A majority of Peace Democrats supported war to save the Union, but a strong and active
minority asserted that the Republicans had provoked the South into secession; that the
Republicans were waging the war in order to establish their own domination, suppress
civil and states rights, and impose "racial equality"; and that military means had failed
and would never restore the Union. Anti-abolitionists feared that emancipation would
result in a great migration of blacks into their states.
As was true of the Democratic Party as a whole, the influence of Peace Democrats varied
with the fortunes of war. When things were going badly for the Union on the battlefield,
larger numbers of people were willing to entertain the notion of making peace with the
Confederate enemy. When things were going well, Peace Democrats could more easily
be dismissed as defeatists. But no matter how the war progressed, Peace Democrats
constantly had to defend themselves against charges of disloyalty. Revelations that a few
had ties with secret organizations helped smear the rest.
The most prominent Copperhead leader was Clement L. Valladigham of Ohio, who
headed the secret antiwar organization known as the Sons of Liberty. At the Democratic
convention of 1864, where the influence of Peace Democrats reached its high point,
Vallandigham persuaded the party to adopt a platform branding the war a failure, and
some extreme Copperheads plotted armed uprisings.
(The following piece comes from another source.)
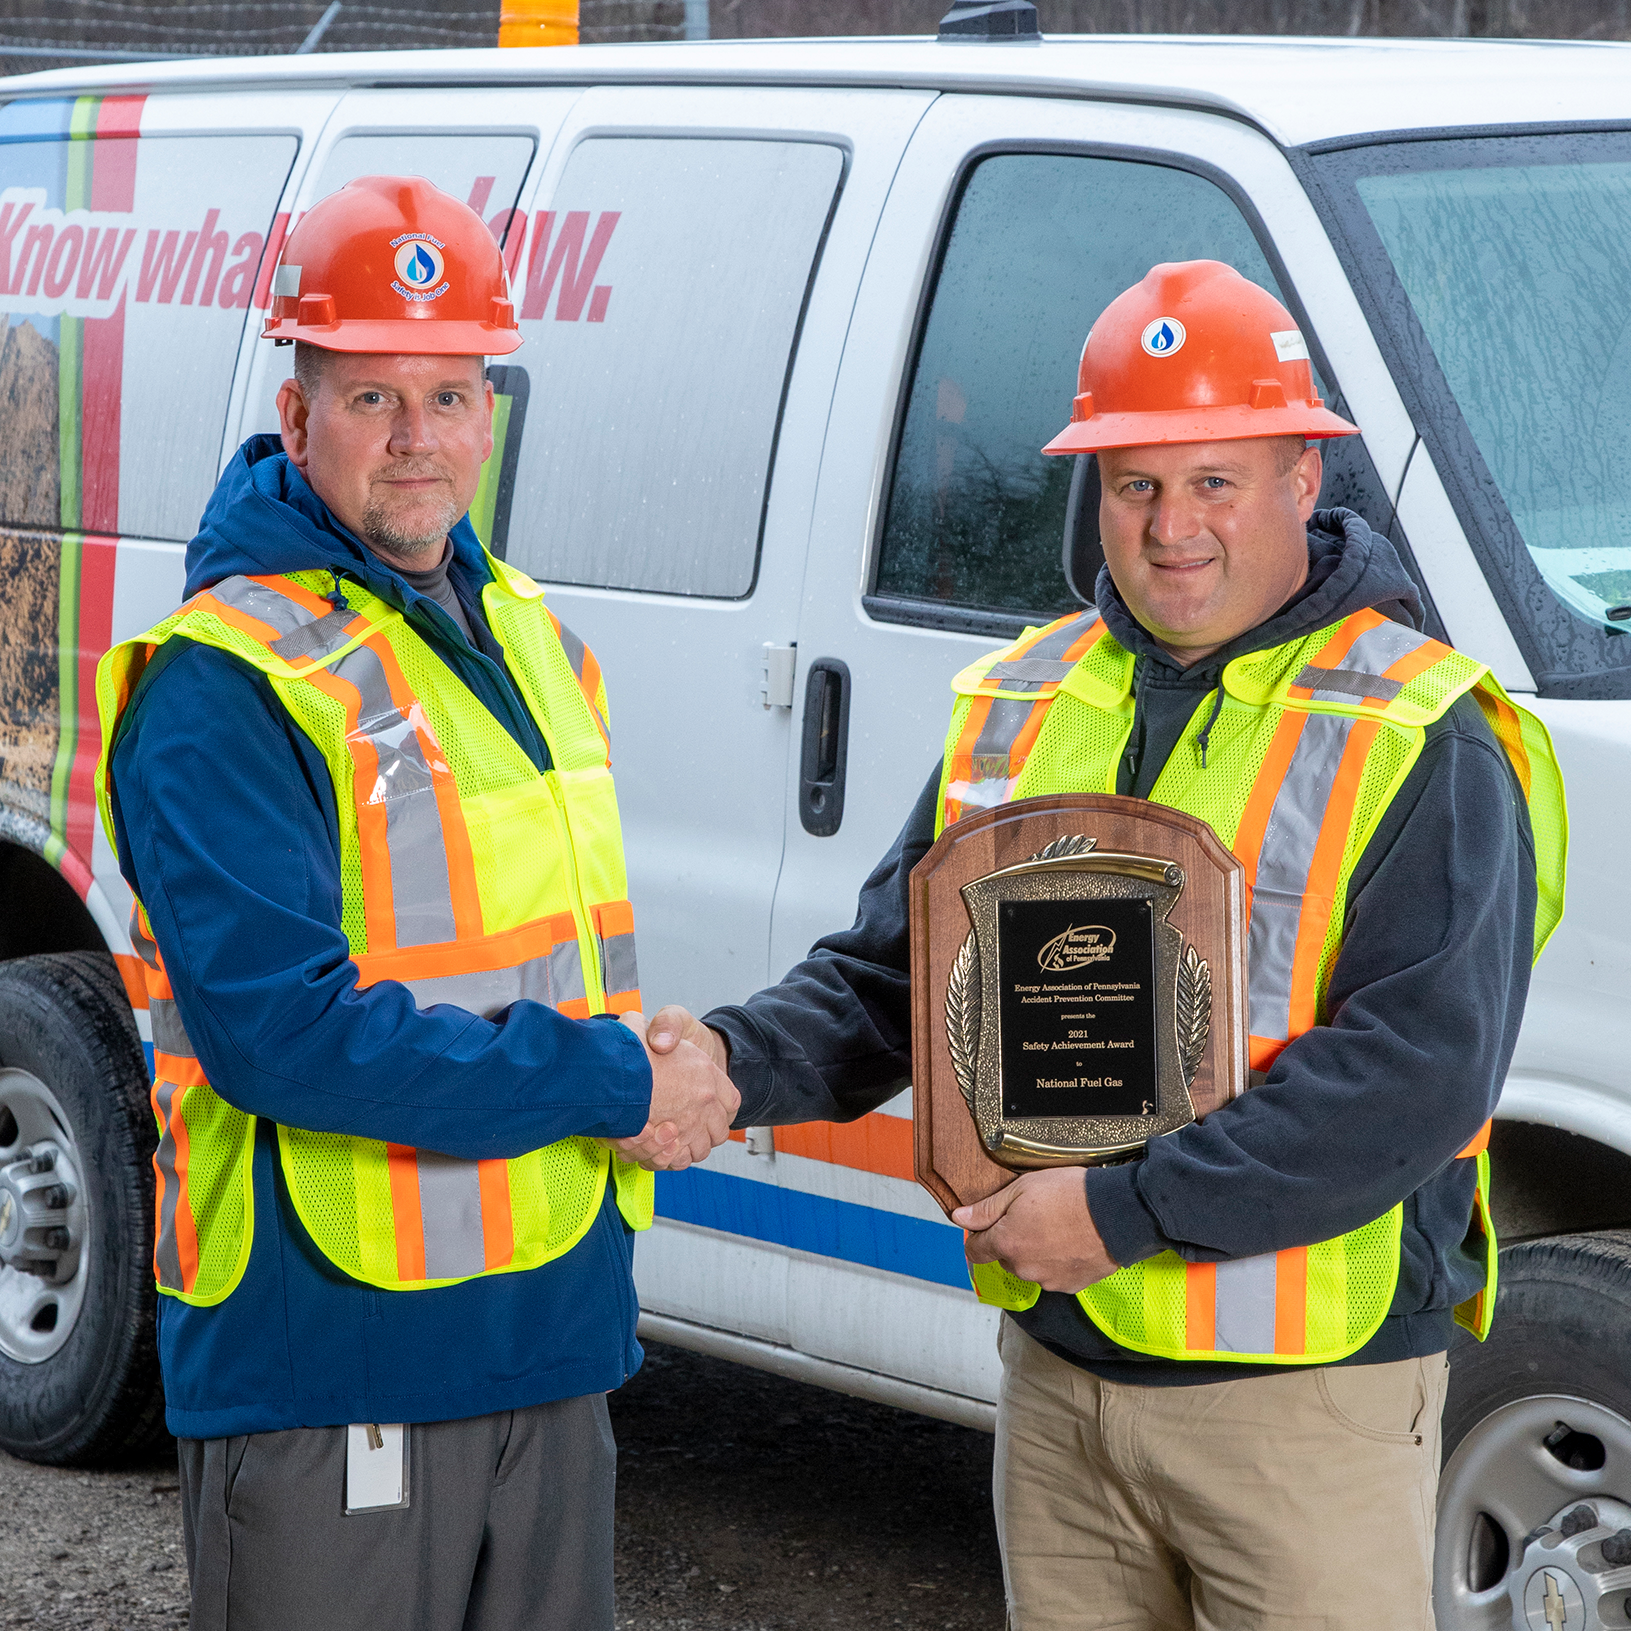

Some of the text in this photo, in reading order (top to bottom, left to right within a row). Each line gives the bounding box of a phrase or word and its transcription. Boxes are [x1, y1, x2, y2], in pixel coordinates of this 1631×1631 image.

However, the Democratic
presidential candidate, George B. McClellan, repudiated the Vallandigham platform,
victories by Maj. Gen. William T. Sherman and Phillip H. Sheridan assured Lincoln's
reelection, and the plots came to nothing.
With the conclusion of the war in 1865 the Peace Democrats were thoroughly discredited.
Most Northerners believed, not without reason, that Peace Democrats had prolonged war
by encouraging the South to continue fighting in the hope that the North would abandon
the struggle.
(Source: "Historical Times Encyclopedia of the Civil War" Edited by Patricia L. Faust)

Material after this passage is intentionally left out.